Lors du Congrès international de la condition et des droits des femmes de 1900 (dont la présidente est Marguerite DURAND), elle appartient à une minorité, le mouvement féministe étant dominé par des femmes issues de la bourgeoisie et de l'aristocratie dont une des principales revendications est la participation aux institutions démocratiques (à commencer par le droit de vote). Le projet des minoritaires, soutien d'un projet de loi pour la journée des huit heures par jour est soutenue mais à condition qu'il se limite aux ouvriers et ne s'étendent pas aux domestiques et bonnes (alors très nombreuses à Paris...). C'est pourquoi, elle recherche activement les moyens de créer d'autres structures plus proches des problèmes des ouvriers et des ouvrières. La même année, elle participe à la formation d'un syndicat de couturières qui s'associe avec d'autres organisations du même genre basées dans trois autres quartiers modestes à Paris. Elle organise une grève de tailleurs et de couturières, très populaire et très soutenue, y compris financièrement, qui dure pendant un mois. Elle se fait connaitre alors dans maints secteurs de la presse.
En avril 1901, elle intègre, avec Elisabeth RENAUD, le Conseil national des femmes françaises dès sa création (où se trouve entre autres Sarah MONOD). Mais comme ailleurs dans la mouvance pacifiste, elle fait partie d'une minorité socialiste, contrebalancée d'ailleurs par la droite catholique, menée par Marie MAUGERET.
Alors que le syndicat des couturières est dissous en septembre 1901, Louise SAUMONEAU est convaincue que les syndicats doivent représenter les intérêts des femmes comme des hommes. Sa tactique est désormais de faire entrer les femmes dans les syndicats en dépit des obstacles.
En réaction aux réticences des mouvements féministes à prendre en compte les aspirations ouvrières, elle développe une certaine hostilité envers le féminisme, en tout cas un féminisme cantonné aux questions strictement institutionnelles ou juridiques.
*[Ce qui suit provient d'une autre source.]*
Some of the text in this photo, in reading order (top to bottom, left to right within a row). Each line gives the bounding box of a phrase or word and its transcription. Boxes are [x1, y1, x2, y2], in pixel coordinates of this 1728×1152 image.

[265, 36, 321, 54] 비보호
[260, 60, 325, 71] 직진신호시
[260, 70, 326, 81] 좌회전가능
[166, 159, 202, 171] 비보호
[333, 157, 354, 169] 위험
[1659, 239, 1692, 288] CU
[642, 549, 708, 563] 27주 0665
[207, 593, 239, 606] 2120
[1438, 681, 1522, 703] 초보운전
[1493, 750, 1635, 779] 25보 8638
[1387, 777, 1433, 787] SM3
Elle considère désormais qu'il y a plus d'intérêts communs entre ouvriers et ouvrières qu'entre femmes de classes différentes.
Mais également dans le monde du travail, les femmes ont peine à se faire entendre. Entre 1901 et 1902, Louise SAUMONEAU et Elisabeth RENAUD publient un journal mensuel, La femme socialiste, prenant pour modèle Die Gleichheit, journal allemand féministe marxiste et social-démocrate édité par Clara ZETKIN, dont SAUMONEAU est généralement considérée comme l'homologue français. En 1903, alors que le GFS compte une centaine de membre, elle entre en désaccord avec Élisabeth RENAUD et celle-ci quitte le groupe. Elle en devient alors la dirigeante. En 1905, alors que le GFS a doublé le nombre de ses membres, la SFIO, qui n'accepte que les membres féministes individuels, refuse de le reconnaitre, et faute de légitimité, il disparait.
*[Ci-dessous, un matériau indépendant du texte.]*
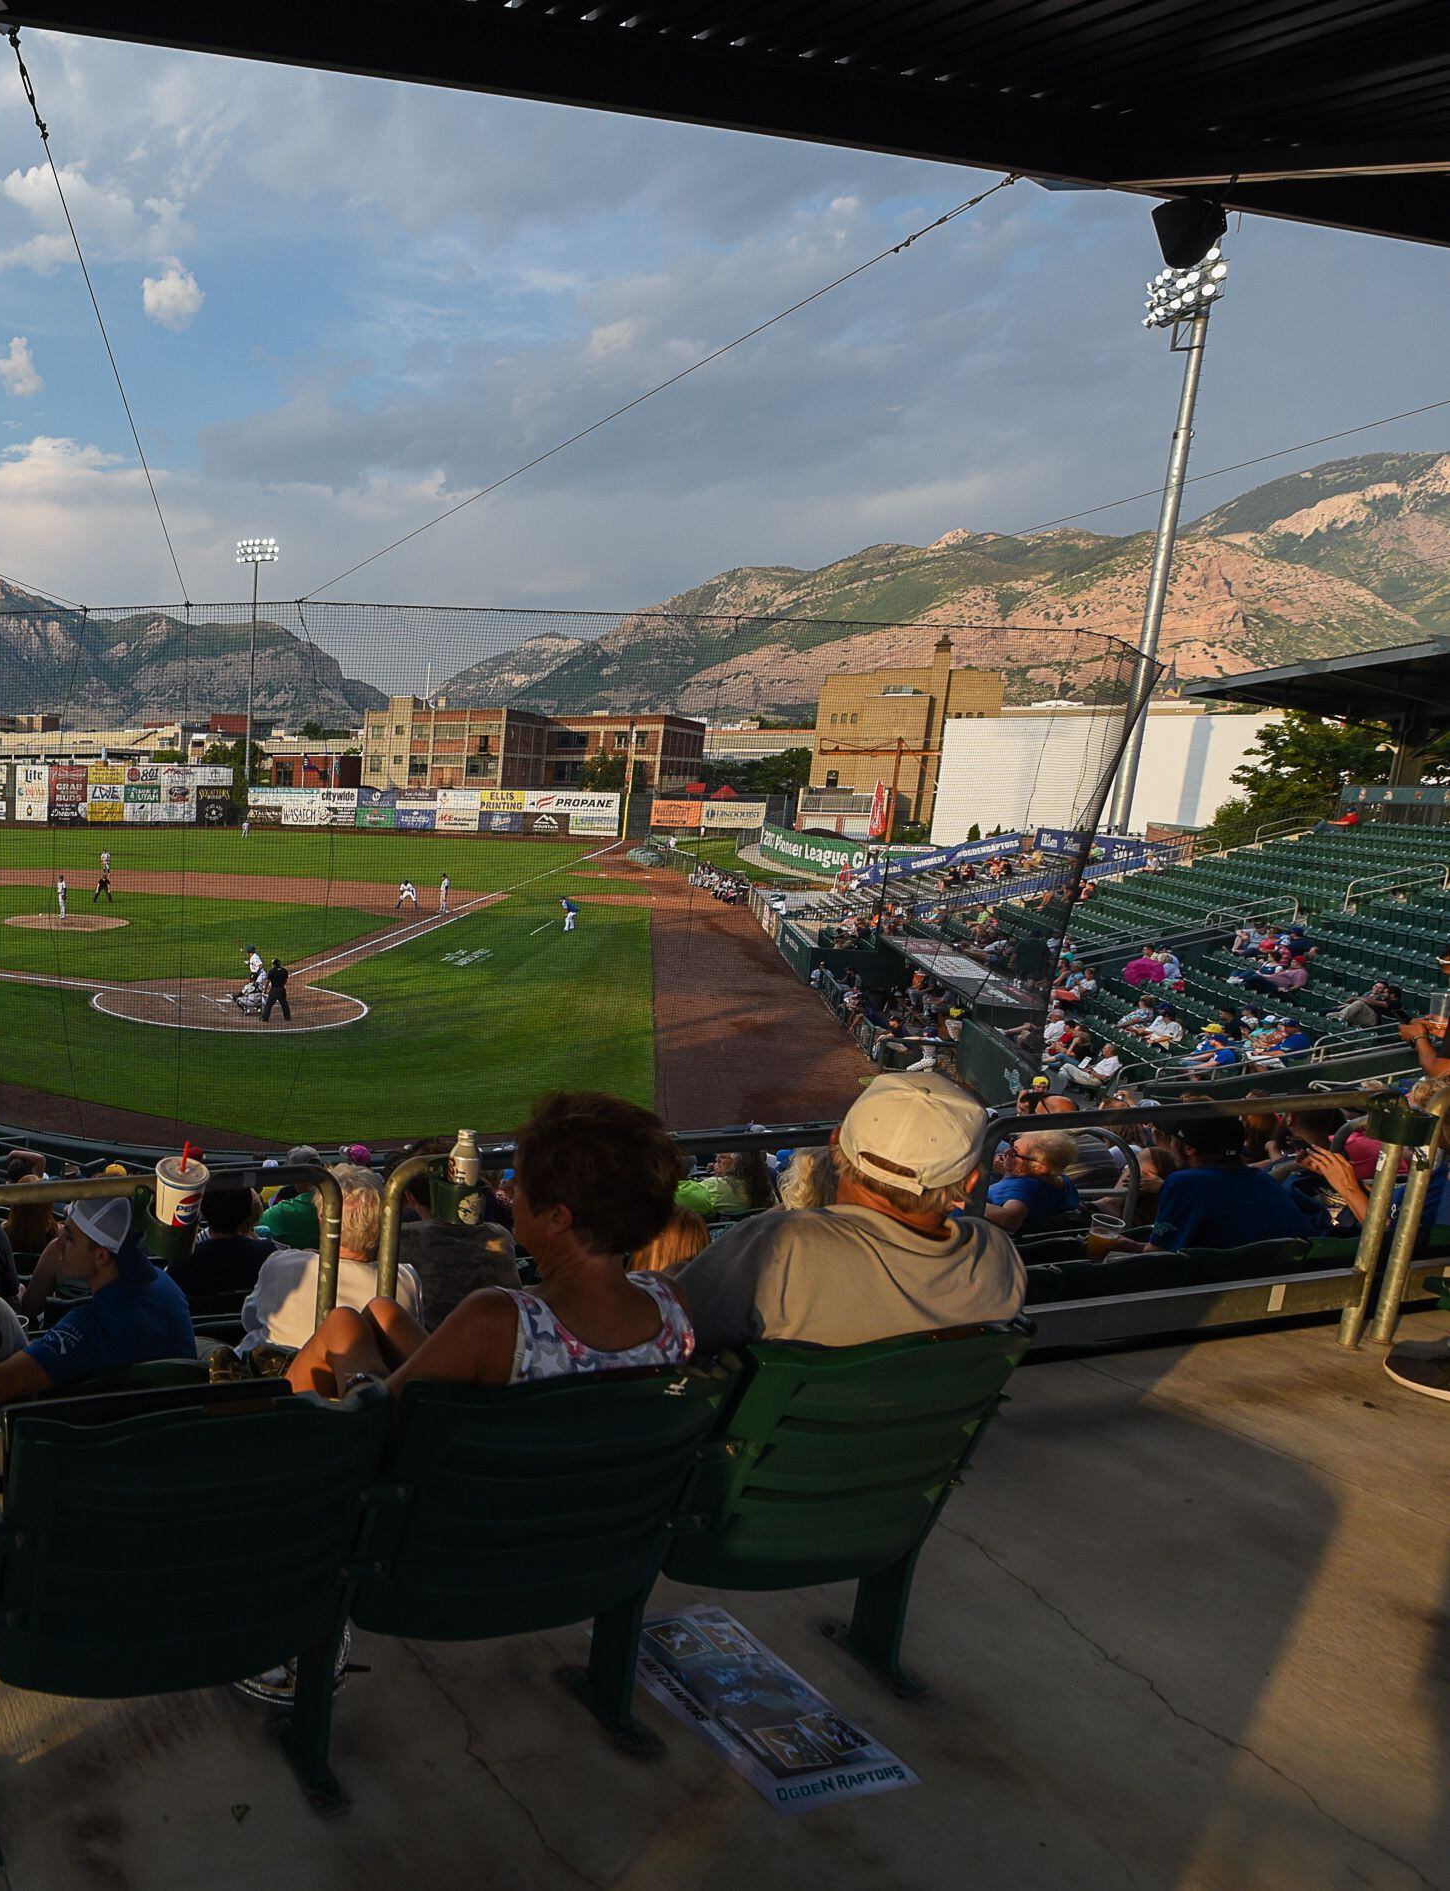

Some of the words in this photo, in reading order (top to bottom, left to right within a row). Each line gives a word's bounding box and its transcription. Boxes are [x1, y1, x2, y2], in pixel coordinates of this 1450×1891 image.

[25, 769, 43, 783] Lite
[141, 767, 159, 781] 801
[55, 783, 83, 791] GRAB
[55, 794, 83, 802] BUDS
[321, 790, 355, 802] citywide
[489, 791, 515, 801] ELLIS
[479, 801, 523, 810] PRINTING
[555, 798, 614, 808] PROPANE
[283, 808, 316, 823] WASATCH
[437, 813, 454, 823] ACE
[775, 834, 803, 858] Pioneer
[804, 843, 849, 868] League
[910, 854, 947, 869] COMMENT
[775, 1778, 836, 1802] OGDEN
[836, 1764, 907, 1794] RAPTORS
Sept ans plus tard, en 1912, elle reprend la rédaction en chef de La femme socialiste et s'en sert d'organe de propagande et d'éducation. Ce journal parait jusqu'en 1940.
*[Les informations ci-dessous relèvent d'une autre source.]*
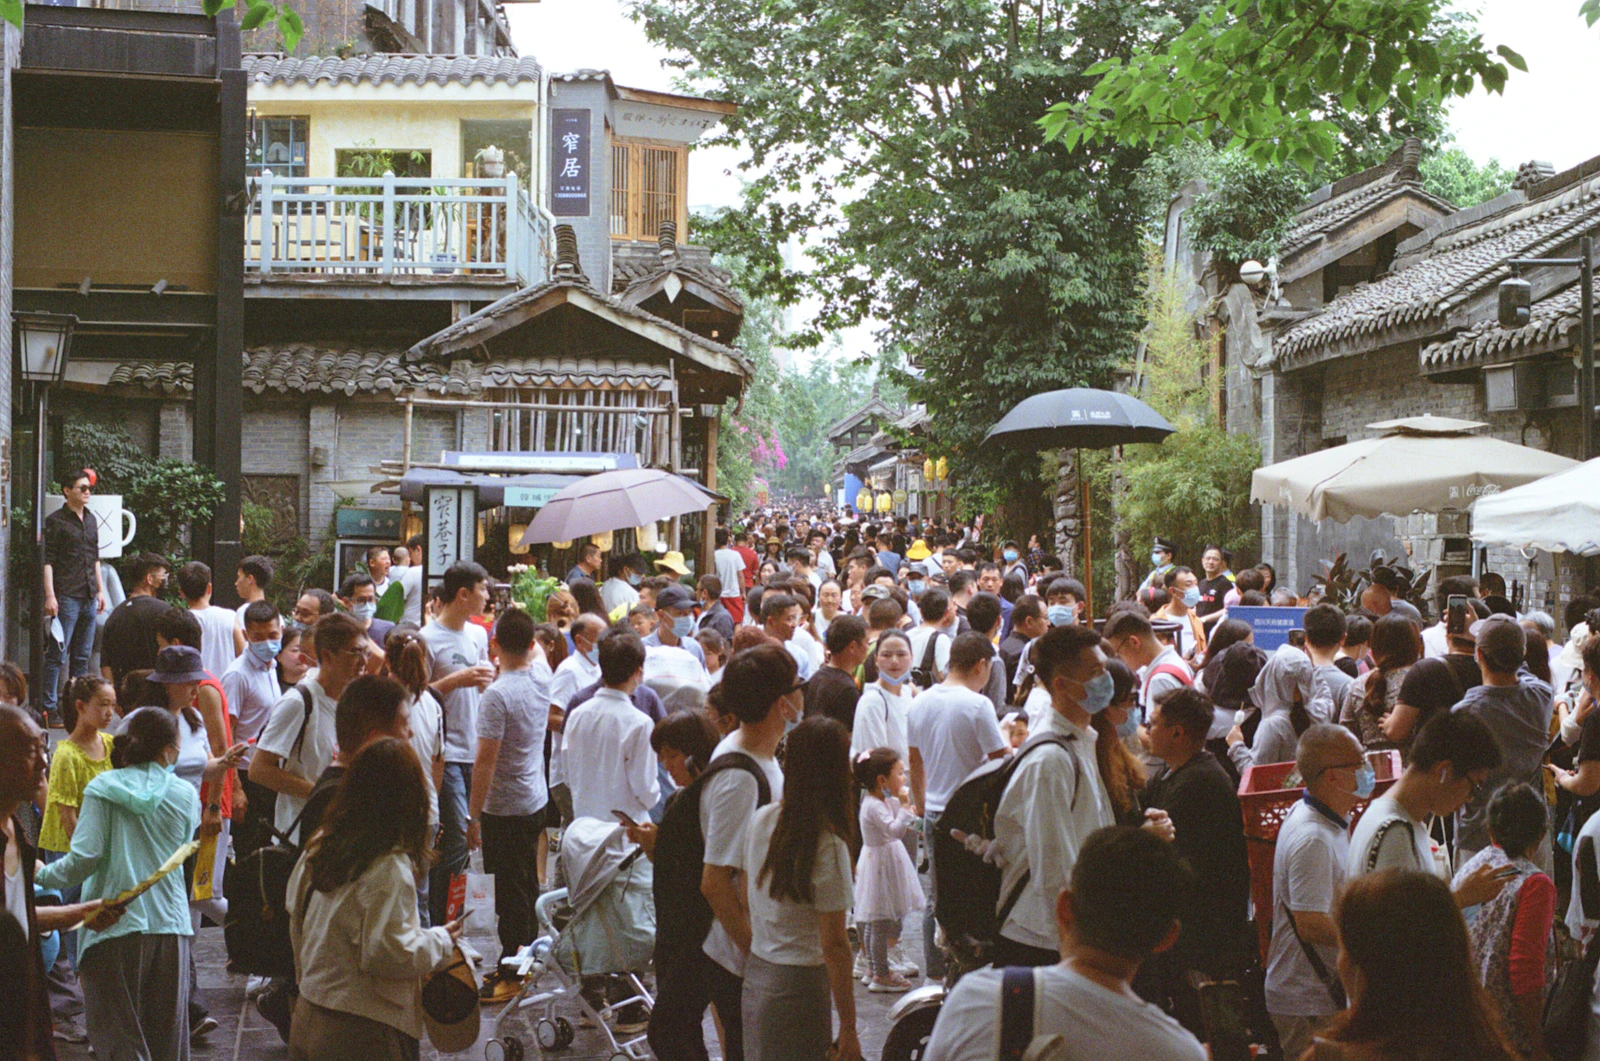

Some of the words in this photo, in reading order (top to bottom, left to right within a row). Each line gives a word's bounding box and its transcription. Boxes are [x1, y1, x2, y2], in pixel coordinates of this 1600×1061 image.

[560, 132, 582, 178] 窄居
[434, 495, 453, 566] 窄巷子
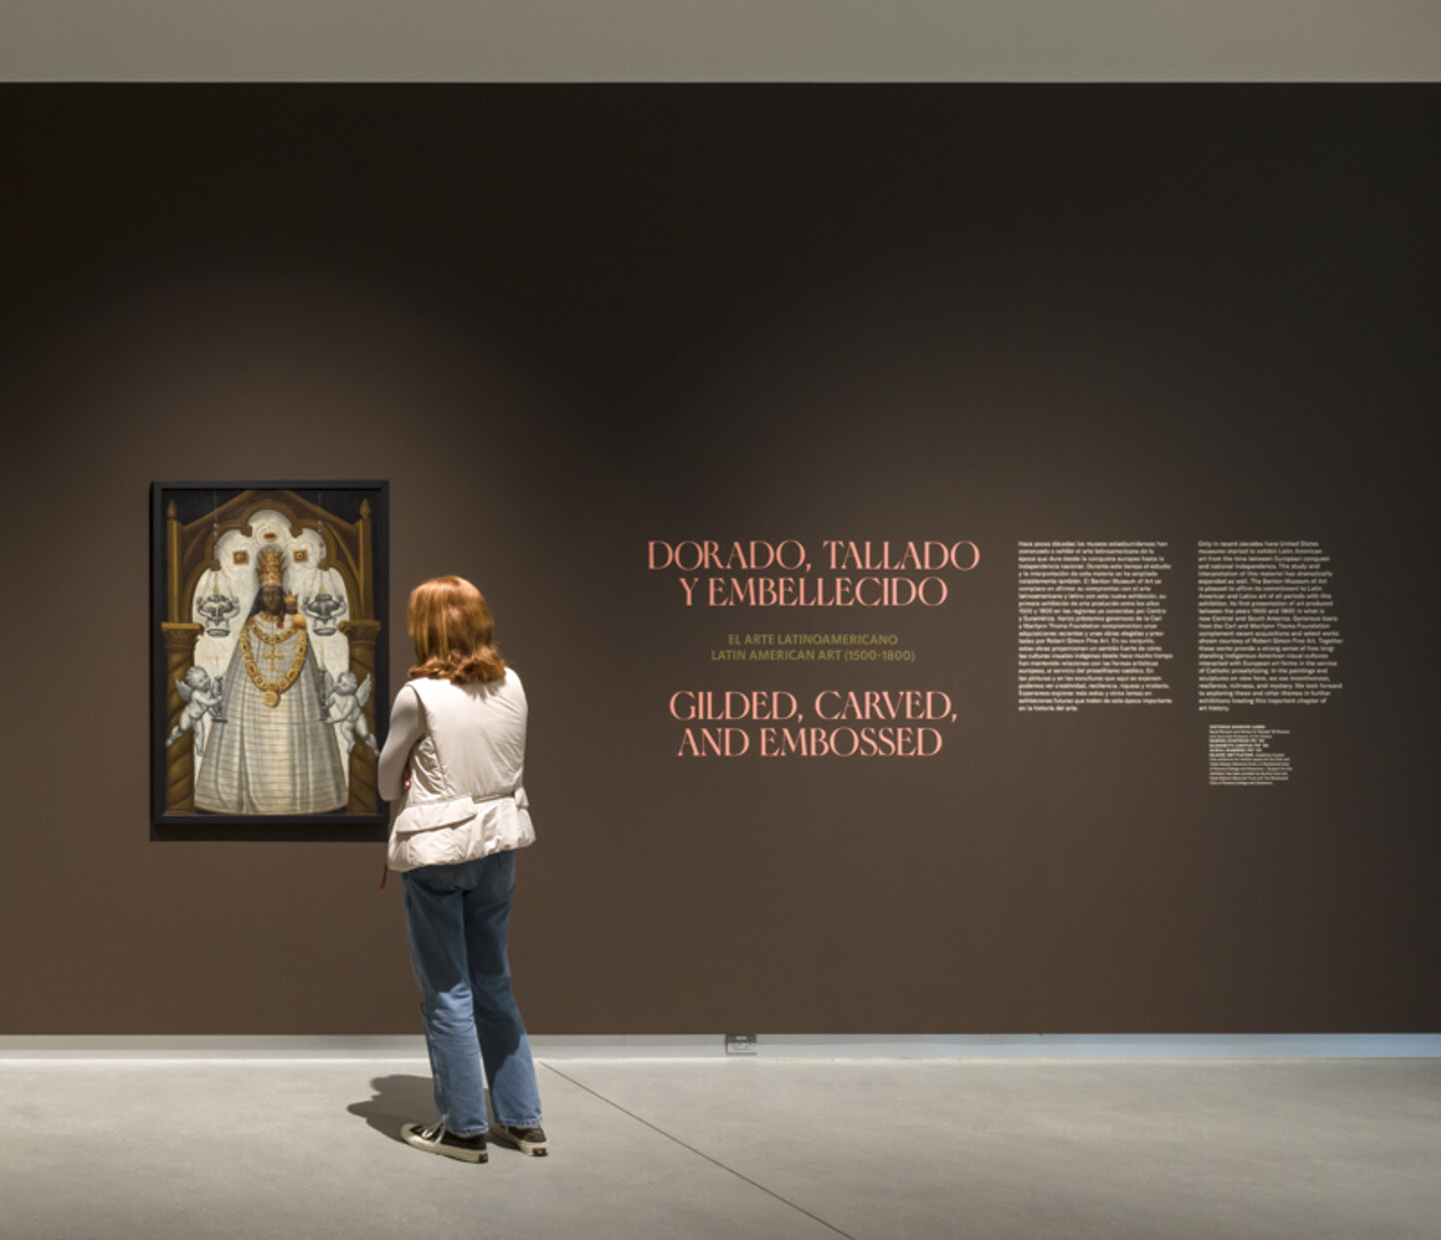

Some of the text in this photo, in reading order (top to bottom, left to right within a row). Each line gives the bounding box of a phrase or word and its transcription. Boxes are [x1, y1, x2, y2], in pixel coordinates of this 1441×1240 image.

En 1913, avec l'aide d'autres militantes comme Marianne RAUZE et Elisabeth RENAUD, elle fonde le Groupe des Femmes socialistes (GDFS), une branche de la SFIO à destination des femmes socialiste. Elle en interdit l'accès aux féministes et entame un programme de recrutement. Ce groupe se révèle davantage un groupe auxiliaire du SPD et n'a pas de hiérarchie propre. Cette campagne de recrutement n'a pas beaucoup de succès, et au début de la Première Guerre Mondiale, la SFIO compte alors 90 000 membres, dont seulement 1 000 femmes, et encore la moitié est composée de femmes de membres masculins... Le 5 juillet 1914, 23 jours avant la première déclaration de guerre et 4 mois avant l'entrée de la France dans ce conflit armé international, Louise SAUMONEAU organise la première manifestation de la Journée Internationale des Femmes Travailleuses - renommée plus tard Journée Internationale des Femmes - pour réclamer le droit de vote et de meilleurs conditions de travail. Malgré sa défiance envers le mouvement féministe d'alors, elle se retrouve à défendre l'une de ses principales revendication, la participation entière à la vie politique du pays. Il existe une réelle difficulté (pratiquement, car théoriquement, l'élaboration est déjà bien avancée) à lier le féminisme et le socialisme dans les esprits, comme elle constate plus tard la même difficulté à lier pacifisme et féminisme.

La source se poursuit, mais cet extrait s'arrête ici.